All of the entries below need repeating exactly, apart from their images.

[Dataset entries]
BEGIN

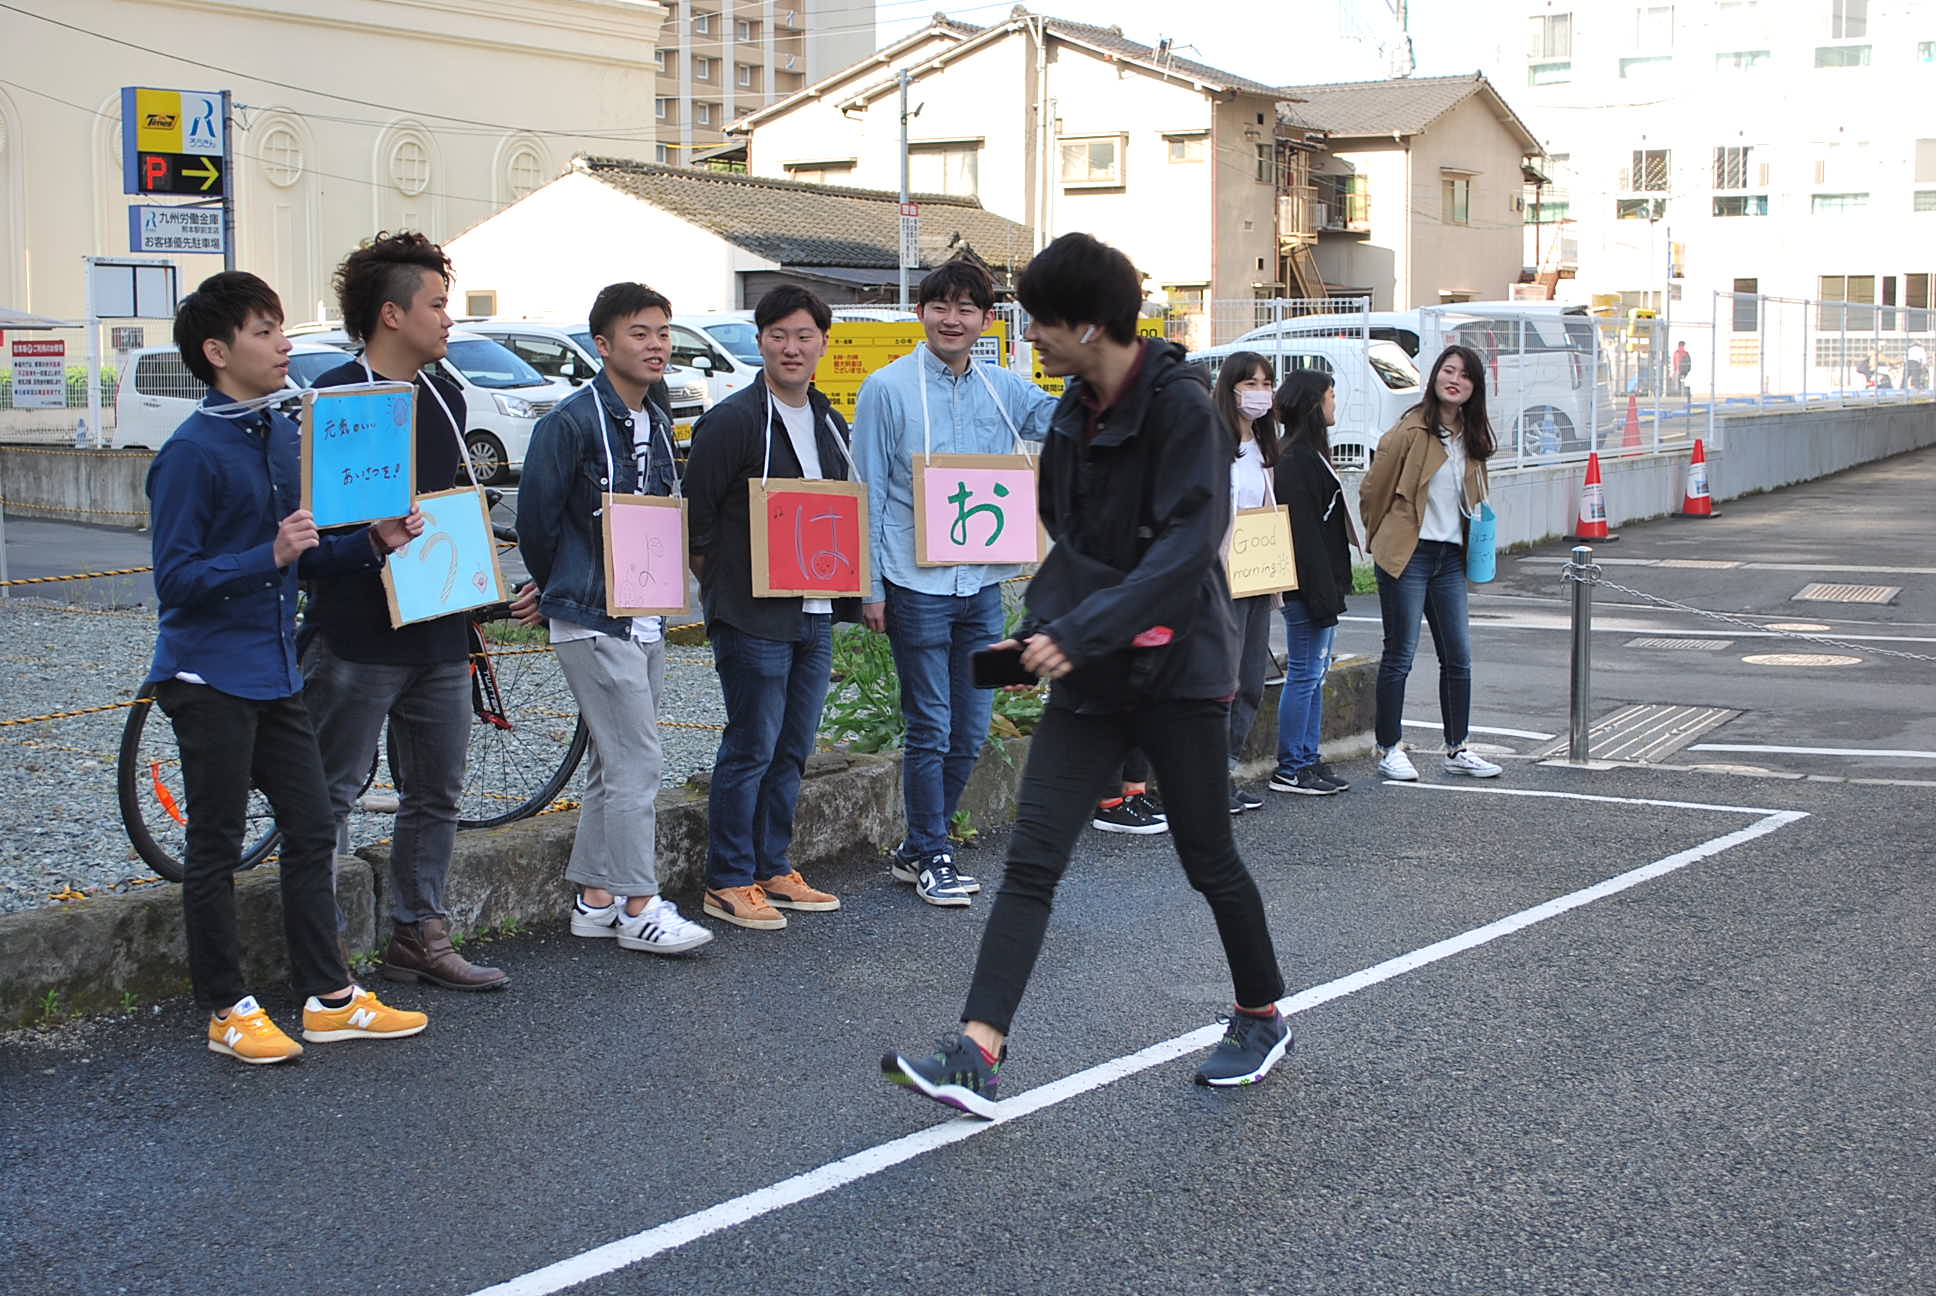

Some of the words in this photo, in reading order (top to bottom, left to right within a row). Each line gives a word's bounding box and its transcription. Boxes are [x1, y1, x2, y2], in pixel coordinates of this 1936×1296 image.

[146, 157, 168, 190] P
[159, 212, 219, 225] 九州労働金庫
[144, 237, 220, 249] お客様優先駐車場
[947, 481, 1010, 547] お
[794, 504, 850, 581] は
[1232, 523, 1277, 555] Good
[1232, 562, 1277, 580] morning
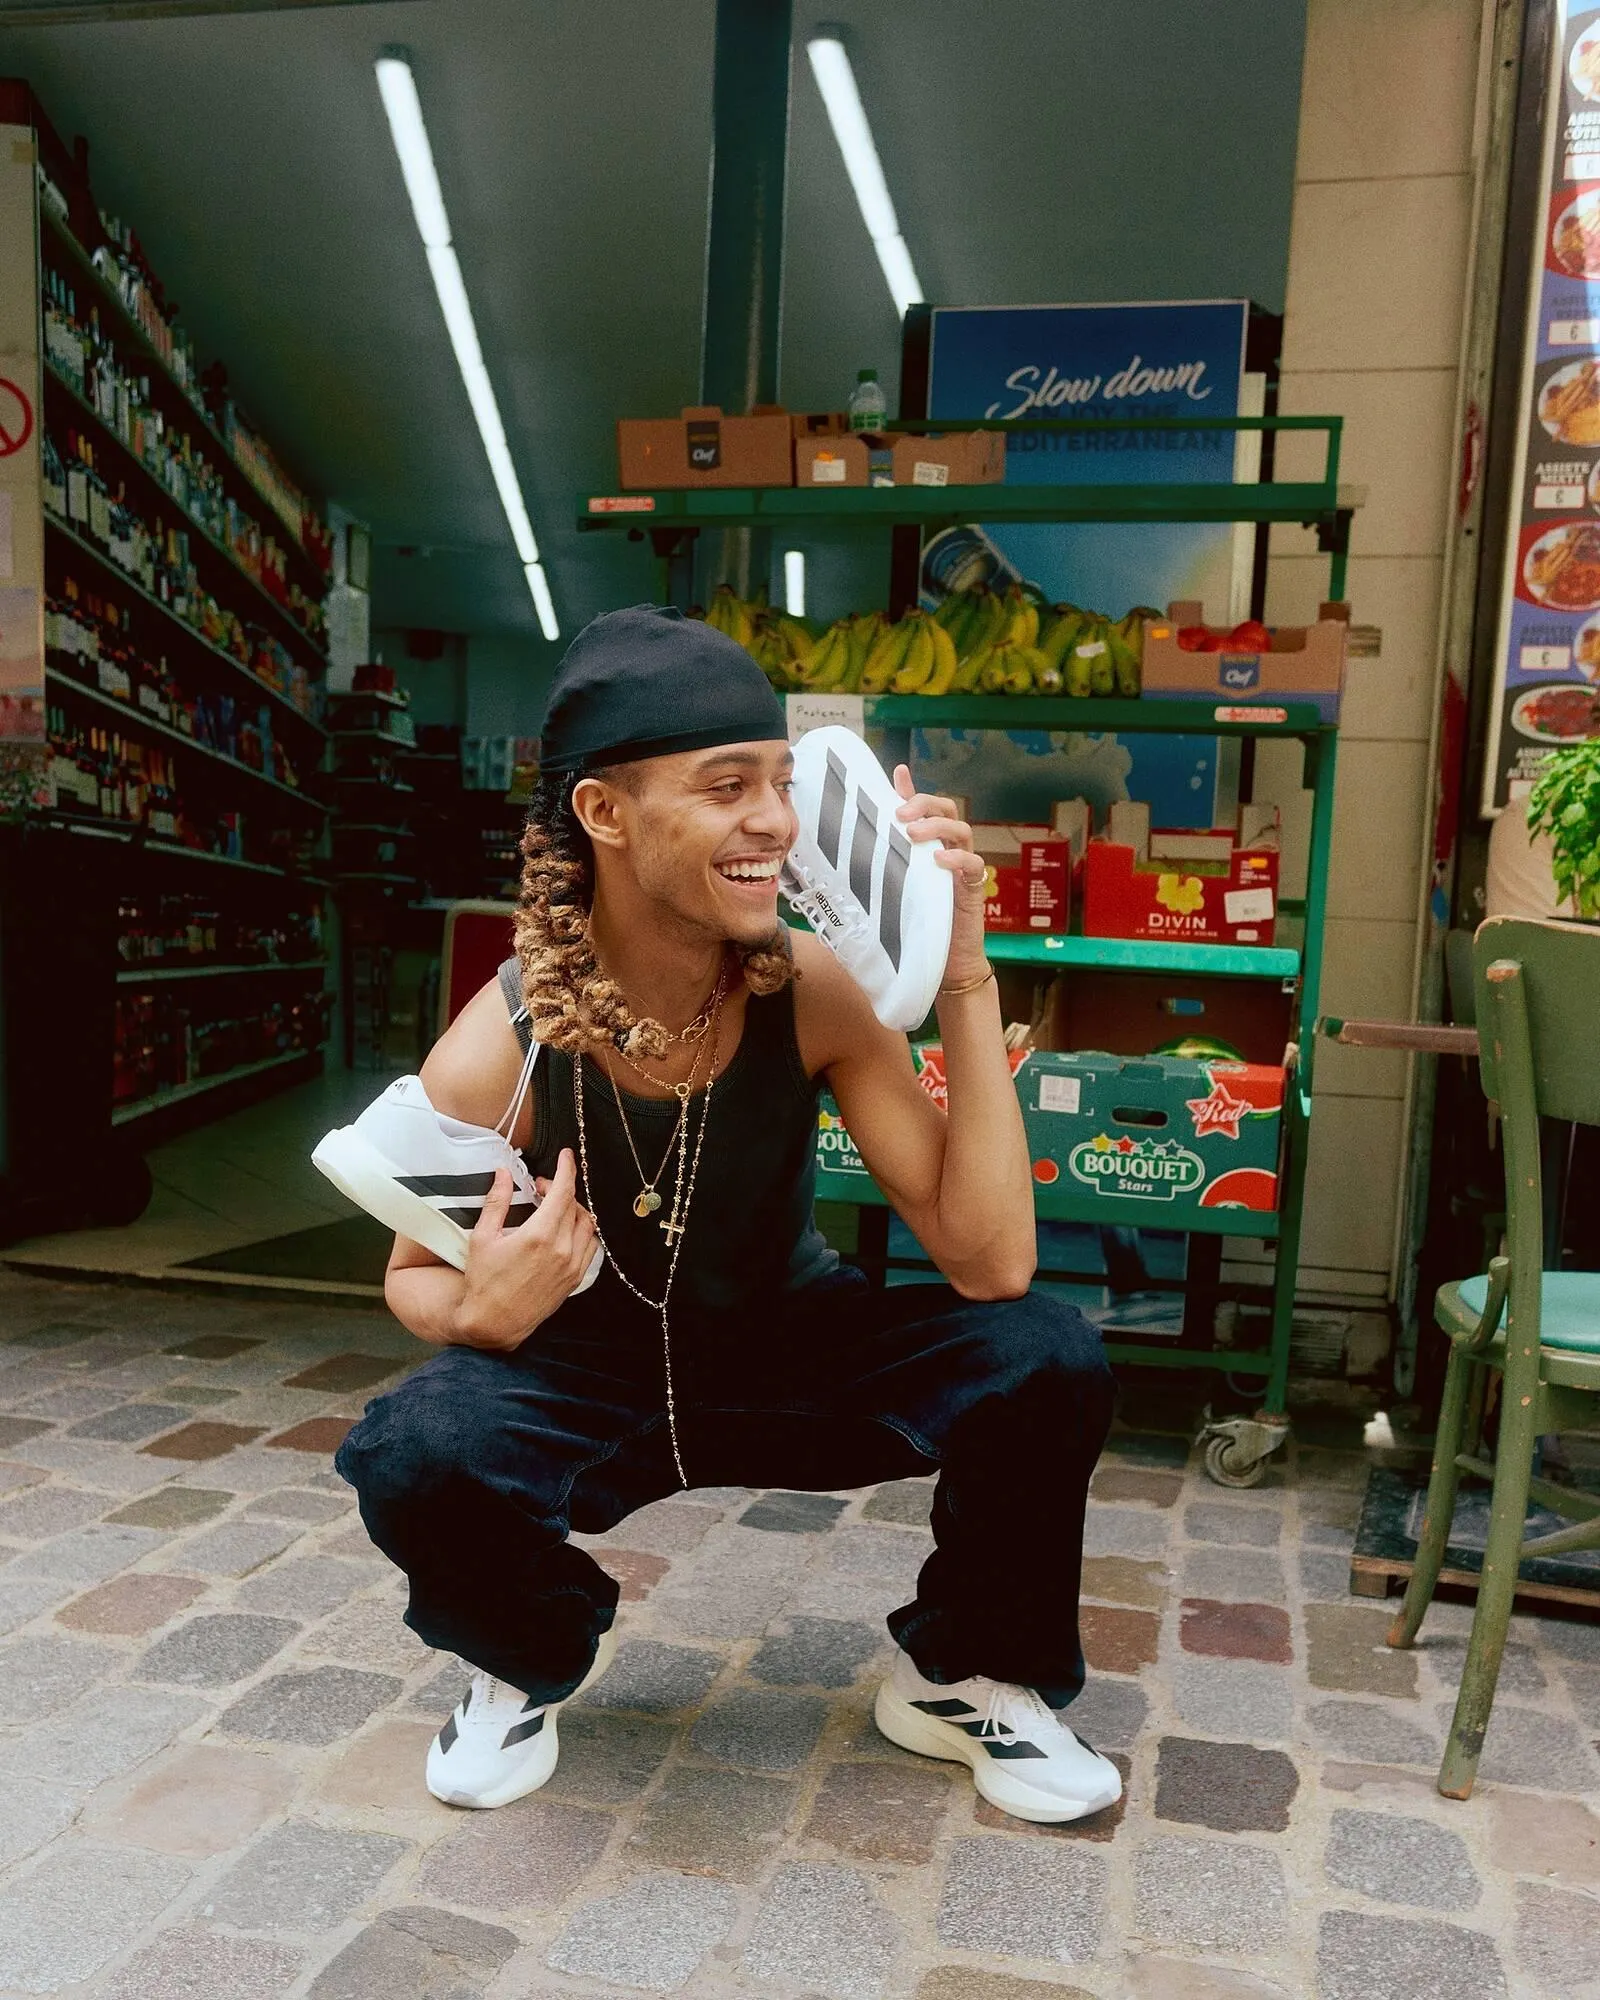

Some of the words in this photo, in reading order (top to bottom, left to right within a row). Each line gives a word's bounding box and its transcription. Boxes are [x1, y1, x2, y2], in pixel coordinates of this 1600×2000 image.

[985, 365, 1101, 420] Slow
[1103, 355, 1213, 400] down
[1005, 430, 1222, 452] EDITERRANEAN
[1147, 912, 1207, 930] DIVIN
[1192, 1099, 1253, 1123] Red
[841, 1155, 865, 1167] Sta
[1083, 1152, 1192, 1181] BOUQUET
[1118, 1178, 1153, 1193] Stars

END

Output of the task:
Some of the words in this photo, in reading order (top to bottom, left to right within a row). Each line gives a word's bounding box and its transcription. Boxes are [x1, y1, x2, y2], in pixel coordinates of this 1936×1296 image.

[146, 157, 168, 190] P
[159, 212, 219, 225] 九州労働金庫
[144, 237, 220, 249] お客様優先駐車場
[947, 481, 1010, 547] お
[794, 504, 850, 581] は
[1232, 523, 1277, 555] Good
[1232, 562, 1277, 580] morning

Some of the words in this photo, in reading order (top to bottom, left to right within a row). Each line gives a word's bounding box and its transcription. Boxes are [x1, y1, x2, y2], in pixel coordinates of this 1600×2000 image.

[985, 365, 1101, 420] Slow
[1103, 355, 1213, 400] down
[1005, 430, 1222, 452] EDITERRANEAN
[1147, 912, 1207, 930] DIVIN
[1192, 1099, 1253, 1123] Red
[841, 1155, 865, 1167] Sta
[1083, 1152, 1192, 1181] BOUQUET
[1118, 1178, 1153, 1193] Stars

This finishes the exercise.